= Beginning of Section =

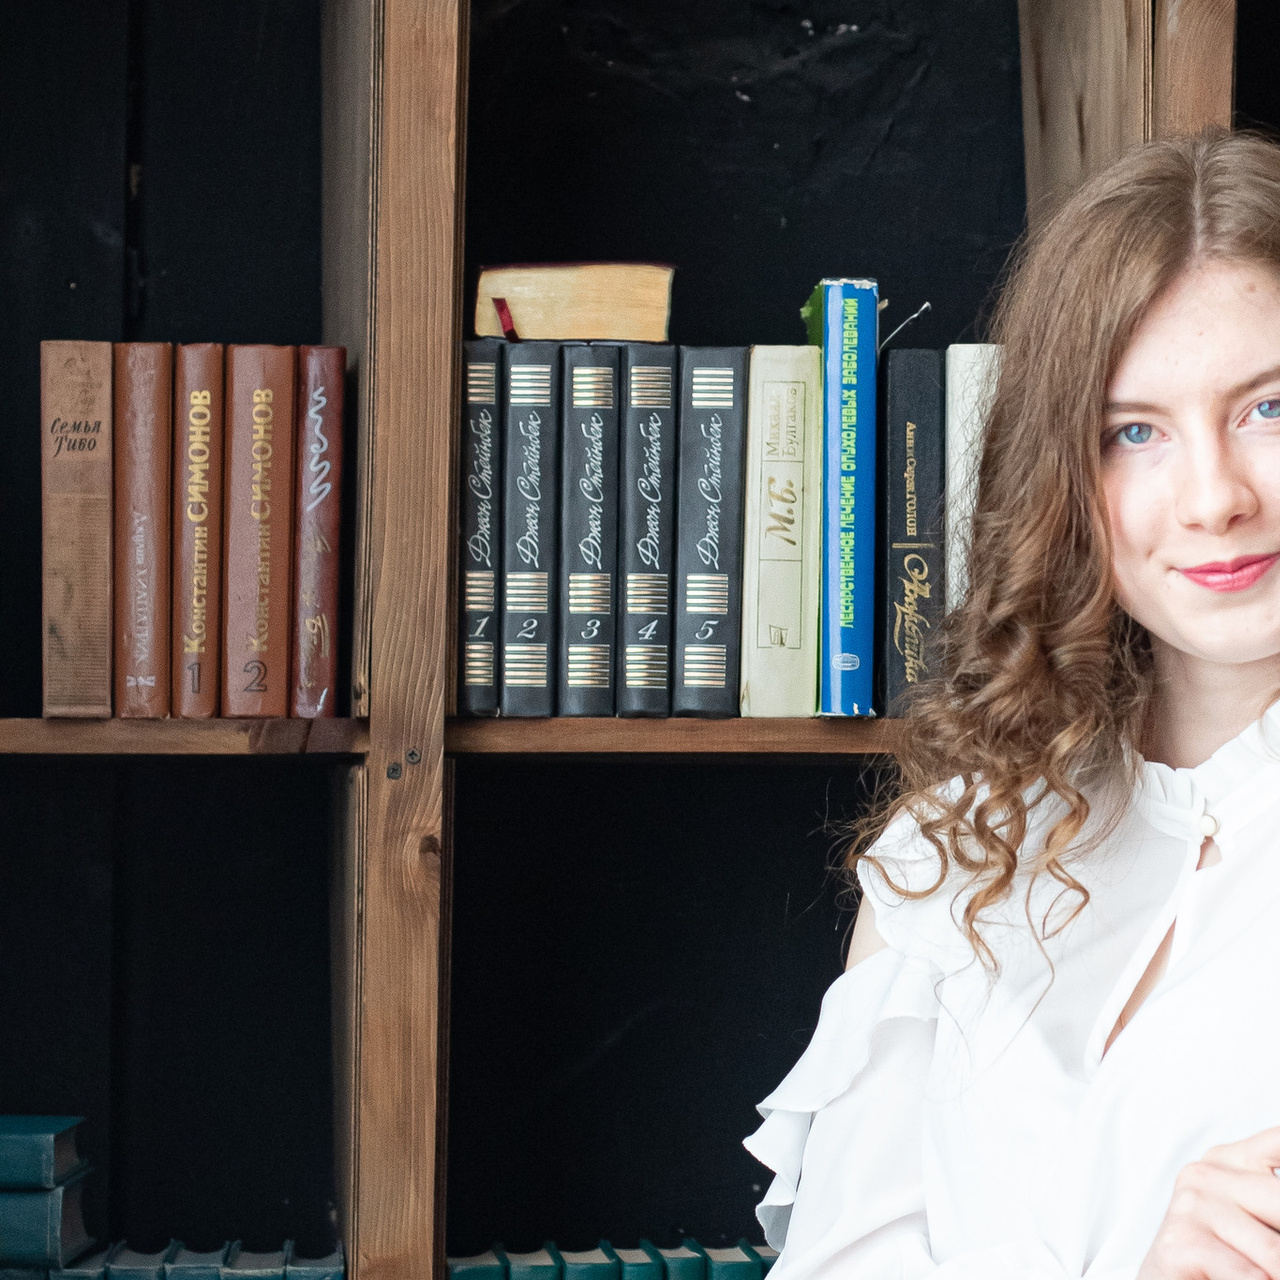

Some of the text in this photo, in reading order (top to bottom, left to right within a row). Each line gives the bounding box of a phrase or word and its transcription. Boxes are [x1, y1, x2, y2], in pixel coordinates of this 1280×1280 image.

[50, 416, 102, 438] Семья
[781, 386, 799, 459] Булгаков
[840, 389, 859, 473] ОПУХОЛЕВЫХ
[841, 297, 861, 387] ЗАБОЛЕВАНИЙ
[183, 388, 211, 693] 1 Константин СИМОНОВ
[243, 387, 273, 693] 2 Константин СИМОНОВ
[467, 410, 493, 639] 1 Джон Стейнбек
[516, 410, 542, 639] 2 Джон Стейнбек
[578, 410, 604, 639] 3 Джон Стейнбек
[636, 410, 662, 639] 4 Джон Стейнбек
[695, 410, 723, 639] 5 Джон Стейнбек
[839, 475, 858, 531] ЛЕЧЕНИЕ
[905, 491, 917, 537] ГОЛОН

= End of Section =

Exercise prompt:
Reproduce the listing above exactly, excluding all pictures.

Written reply:
Some of the text in this photo, in reading order (top to bottom, left to right within a row). Each line gives the bounding box of a phrase or word and its transcription. Boxes are [x1, y1, x2, y2], in pixel coordinates of this 1280×1280 image.

[50, 416, 102, 438] Семья
[781, 386, 799, 459] Булгаков
[840, 389, 859, 473] ОПУХОЛЕВЫХ
[841, 297, 861, 387] ЗАБОЛЕВАНИЙ
[183, 388, 211, 693] 1 Константин СИМОНОВ
[243, 387, 273, 693] 2 Константин СИМОНОВ
[467, 410, 493, 639] 1 Джон Стейнбек
[516, 410, 542, 639] 2 Джон Стейнбек
[578, 410, 604, 639] 3 Джон Стейнбек
[636, 410, 662, 639] 4 Джон Стейнбек
[695, 410, 723, 639] 5 Джон Стейнбек
[839, 475, 858, 531] ЛЕЧЕНИЕ
[905, 491, 917, 537] ГОЛОН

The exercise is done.